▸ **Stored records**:
|---|

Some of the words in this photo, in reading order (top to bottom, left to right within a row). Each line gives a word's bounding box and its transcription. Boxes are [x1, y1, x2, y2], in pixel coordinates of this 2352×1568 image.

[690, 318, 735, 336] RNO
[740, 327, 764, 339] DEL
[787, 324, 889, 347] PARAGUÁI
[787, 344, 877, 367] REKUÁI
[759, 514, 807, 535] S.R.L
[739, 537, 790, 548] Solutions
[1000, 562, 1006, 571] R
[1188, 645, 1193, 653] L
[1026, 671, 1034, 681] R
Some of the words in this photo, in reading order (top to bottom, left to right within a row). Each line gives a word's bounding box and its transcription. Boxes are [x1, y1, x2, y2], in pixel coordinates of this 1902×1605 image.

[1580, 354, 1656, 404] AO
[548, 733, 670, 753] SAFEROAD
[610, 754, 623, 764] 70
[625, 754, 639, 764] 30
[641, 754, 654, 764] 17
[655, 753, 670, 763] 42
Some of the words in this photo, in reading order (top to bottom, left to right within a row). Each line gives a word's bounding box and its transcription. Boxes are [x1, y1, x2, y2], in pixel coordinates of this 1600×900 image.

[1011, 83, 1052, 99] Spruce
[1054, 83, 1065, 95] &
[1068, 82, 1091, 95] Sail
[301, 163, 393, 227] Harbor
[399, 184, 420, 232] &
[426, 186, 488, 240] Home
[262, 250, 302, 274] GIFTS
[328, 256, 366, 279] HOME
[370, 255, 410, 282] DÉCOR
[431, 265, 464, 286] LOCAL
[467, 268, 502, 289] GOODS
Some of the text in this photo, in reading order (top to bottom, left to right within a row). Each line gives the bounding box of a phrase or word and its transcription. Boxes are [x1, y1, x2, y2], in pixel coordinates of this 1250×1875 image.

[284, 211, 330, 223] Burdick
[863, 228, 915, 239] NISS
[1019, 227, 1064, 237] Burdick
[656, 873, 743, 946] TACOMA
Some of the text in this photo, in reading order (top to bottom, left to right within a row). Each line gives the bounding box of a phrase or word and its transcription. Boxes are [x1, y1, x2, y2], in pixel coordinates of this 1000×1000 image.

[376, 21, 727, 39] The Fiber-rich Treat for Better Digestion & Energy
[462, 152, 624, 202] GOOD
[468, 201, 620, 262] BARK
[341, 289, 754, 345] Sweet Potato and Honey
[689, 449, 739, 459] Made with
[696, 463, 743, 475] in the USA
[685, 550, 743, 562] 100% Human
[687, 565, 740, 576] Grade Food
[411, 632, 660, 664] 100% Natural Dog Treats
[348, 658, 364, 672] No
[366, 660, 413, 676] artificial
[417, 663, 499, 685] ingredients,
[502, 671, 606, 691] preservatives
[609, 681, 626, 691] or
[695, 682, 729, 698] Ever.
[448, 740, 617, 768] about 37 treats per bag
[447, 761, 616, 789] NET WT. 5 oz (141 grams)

|---|

▸ **EXERCISE BRIEF**:
The answer should consist of every entry, repeated word for word.

▸ **ANSWER BOX**:
Some of the words in this photo, in reading order (top to bottom, left to right within a row). Each line gives a word's bounding box and its transcription. Boxes are [x1, y1, x2, y2], in pixel coordinates of this 2352×1568 image.

[690, 318, 735, 336] RNO
[740, 327, 764, 339] DEL
[787, 324, 889, 347] PARAGUÁI
[787, 344, 877, 367] REKUÁI
[759, 514, 807, 535] S.R.L
[739, 537, 790, 548] Solutions
[1000, 562, 1006, 571] R
[1188, 645, 1193, 653] L
[1026, 671, 1034, 681] R
Some of the words in this photo, in reading order (top to bottom, left to right within a row). Each line gives a word's bounding box and its transcription. Boxes are [x1, y1, x2, y2], in pixel coordinates of this 1902×1605 image.

[1580, 354, 1656, 404] AO
[548, 733, 670, 753] SAFEROAD
[610, 754, 623, 764] 70
[625, 754, 639, 764] 30
[641, 754, 654, 764] 17
[655, 753, 670, 763] 42
Some of the words in this photo, in reading order (top to bottom, left to right within a row). Each line gives a word's bounding box and its transcription. Boxes are [x1, y1, x2, y2], in pixel coordinates of this 1600×900 image.

[1011, 83, 1052, 99] Spruce
[1054, 83, 1065, 95] &
[1068, 82, 1091, 95] Sail
[301, 163, 393, 227] Harbor
[399, 184, 420, 232] &
[426, 186, 488, 240] Home
[262, 250, 302, 274] GIFTS
[328, 256, 366, 279] HOME
[370, 255, 410, 282] DÉCOR
[431, 265, 464, 286] LOCAL
[467, 268, 502, 289] GOODS
Some of the text in this photo, in reading order (top to bottom, left to right within a row). Each line gives the bounding box of a phrase or word and its transcription. Boxes are [x1, y1, x2, y2], in pixel coordinates of this 1250×1875 image.

[284, 211, 330, 223] Burdick
[863, 228, 915, 239] NISS
[1019, 227, 1064, 237] Burdick
[656, 873, 743, 946] TACOMA
Some of the text in this photo, in reading order (top to bottom, left to right within a row). Each line gives the bounding box of a phrase or word and its transcription. Boxes are [x1, y1, x2, y2], in pixel coordinates of this 1000×1000 image.

[376, 21, 727, 39] The Fiber-rich Treat for Better Digestion & Energy
[462, 152, 624, 202] GOOD
[468, 201, 620, 262] BARK
[341, 289, 754, 345] Sweet Potato and Honey
[689, 449, 739, 459] Made with
[696, 463, 743, 475] in the USA
[685, 550, 743, 562] 100% Human
[687, 565, 740, 576] Grade Food
[411, 632, 660, 664] 100% Natural Dog Treats
[348, 658, 364, 672] No
[366, 660, 413, 676] artificial
[417, 663, 499, 685] ingredients,
[502, 671, 606, 691] preservatives
[609, 681, 626, 691] or
[695, 682, 729, 698] Ever.
[448, 740, 617, 768] about 37 treats per bag
[447, 761, 616, 789] NET WT. 5 oz (141 grams)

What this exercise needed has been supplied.